A questi punti si aggiunge la diversificazione dei catodi in base all'utilizzo e al tipo di vettura/veicolo/accumulo e lo sviluppo della tecnologia di rivestimento degli elettrodi a secco senza ricorrere a solventi.

Quando tutti i tasselli andranno al loro posto,  Tesla riuscirà a produrre l'elettrica da 25.000$, l'auto a batterie per tutti che in tanti aspettano e che non giocherà la partita grazie a batterie dalla poca autonomia o al prezzo ridotto dagli incentivi come accade oggi, ma sarà in grado di vendersi senza aiuti statali e di viaggiare con autonomie paragonabili alle odierne benzina e diesel.

I DUBBI

La promessa di Elon non è quindi quella di essere l'unico, in futuro, con autonomie paragonabili alle auto a combustione o con la guida autonoma. Musk ammette che anche gli altri ci arriveranno… prima o poi. La rivoluzione è industriale, alla lontana paragonabile con la rivoluzione di Ford agli inizi del secolo scorso: essere i migliori nella produzione con un vantaggio competitivo importante e, a parità di impronta dell'impianto, aumentare di dieci volte l'output.

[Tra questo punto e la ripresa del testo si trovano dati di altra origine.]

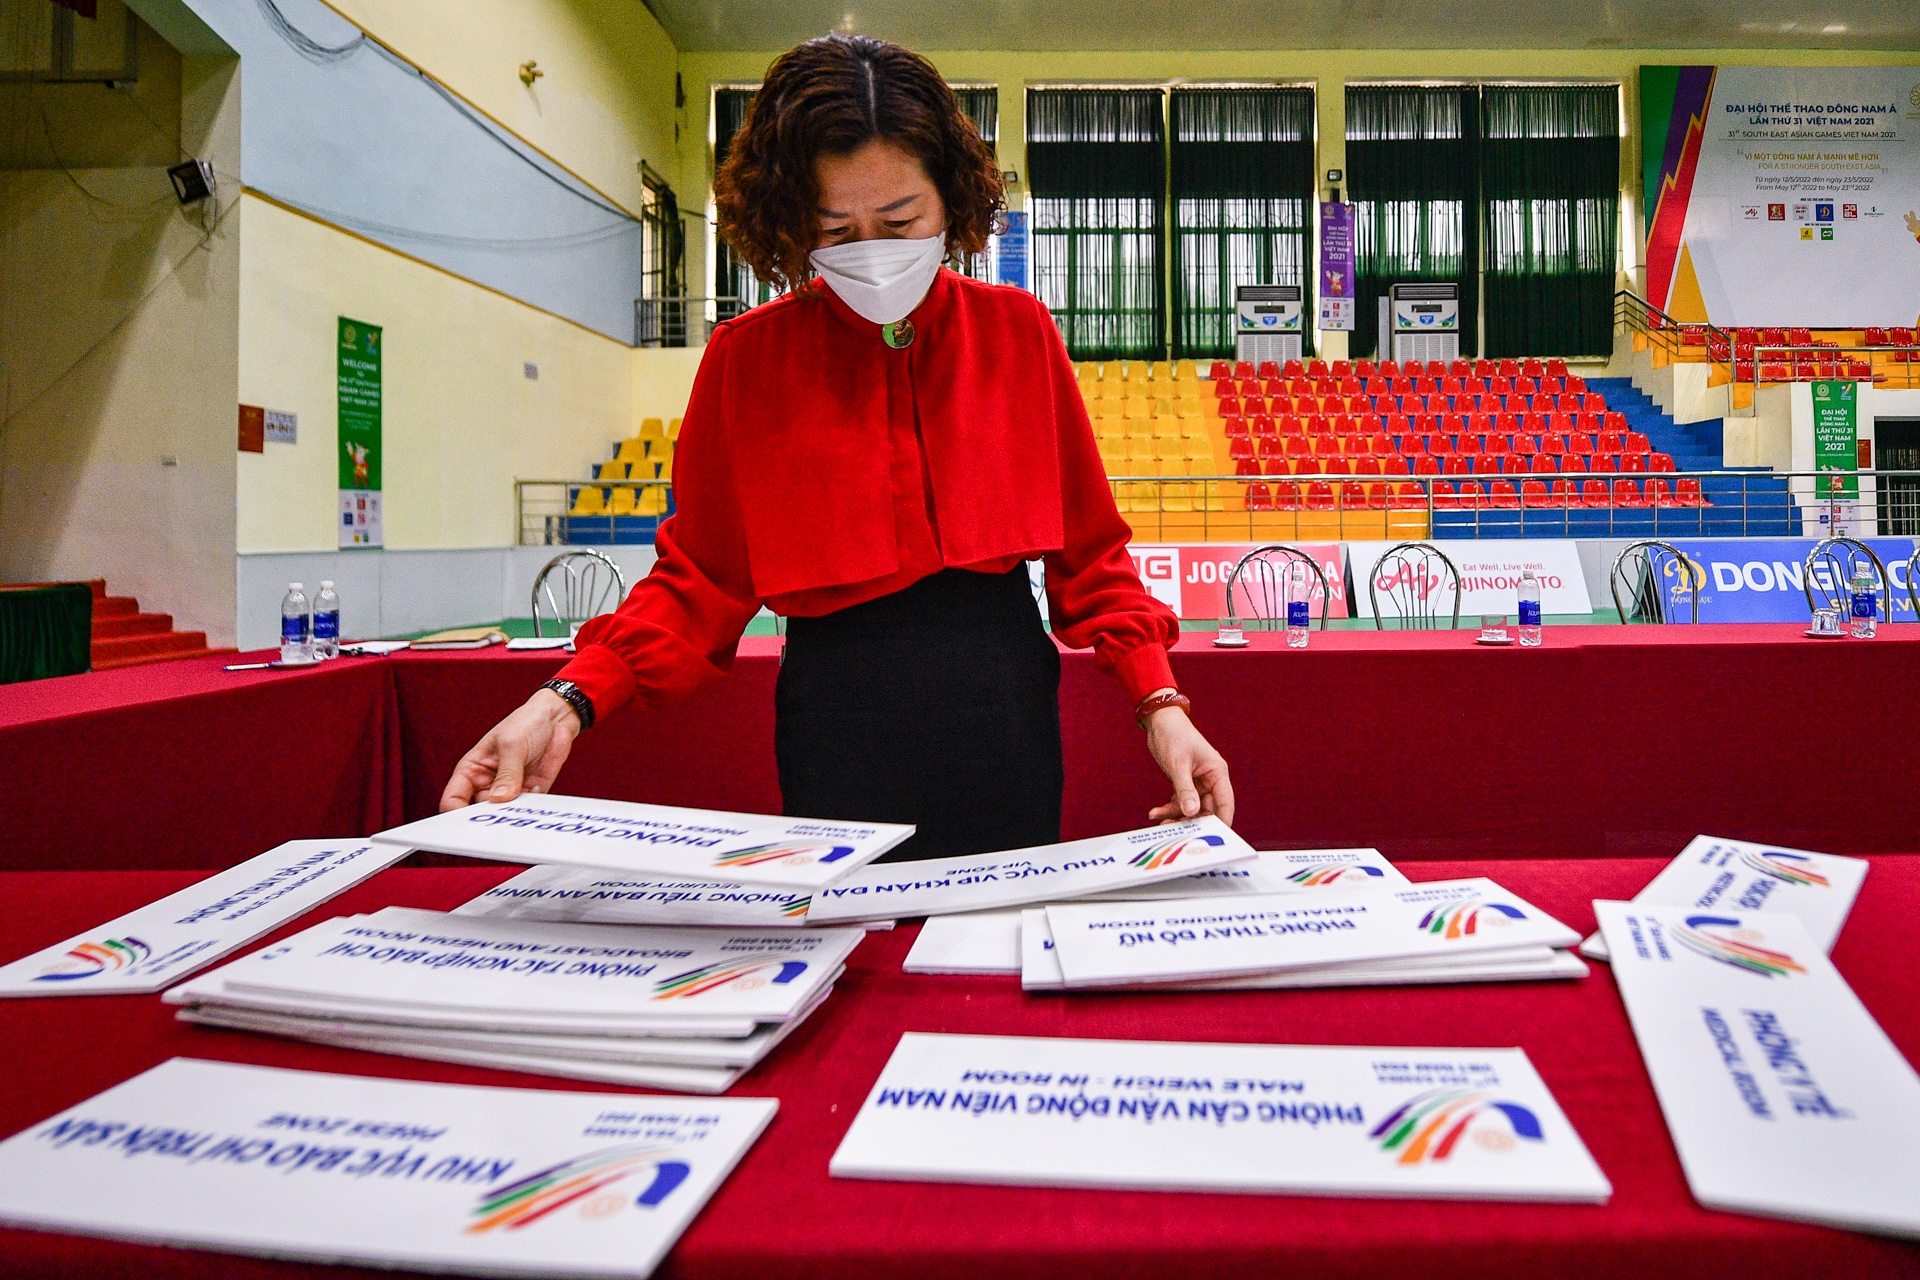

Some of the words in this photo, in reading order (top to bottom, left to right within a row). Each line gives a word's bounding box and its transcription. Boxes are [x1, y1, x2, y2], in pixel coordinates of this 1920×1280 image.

Musk ha comunicato che serviranno 12/18 mesi per l'implementazione delle novità annunciate, un paio di revisioni (ognuna da 3/4 mesi) per ottimizzare il processo dell'anodo a secco sviluppato con Maxwell e 3/4 anni per arrivare a regime. L'accelerazione dipenderà anche da eventuali nuovi contributi, Tesla ha invitato chiunque abbia idee e formazione a fare domanda per lavorare con l'azienda, e bisognerà vedere se Elon riuscirà a mantenere la promessa e se i concorrenti saranno o meno in grado di recuperare terreno.

Parte del piano di Tesla, pur considerando la forte integrazione verticale, richiederà comunque l'impegno di altri attori, dai produttori di celle a quelli di macchinari; insomma l'intera filiera dovrà abbracciare il nuovo paradigma per aiutare Tesla nell'accelerazione.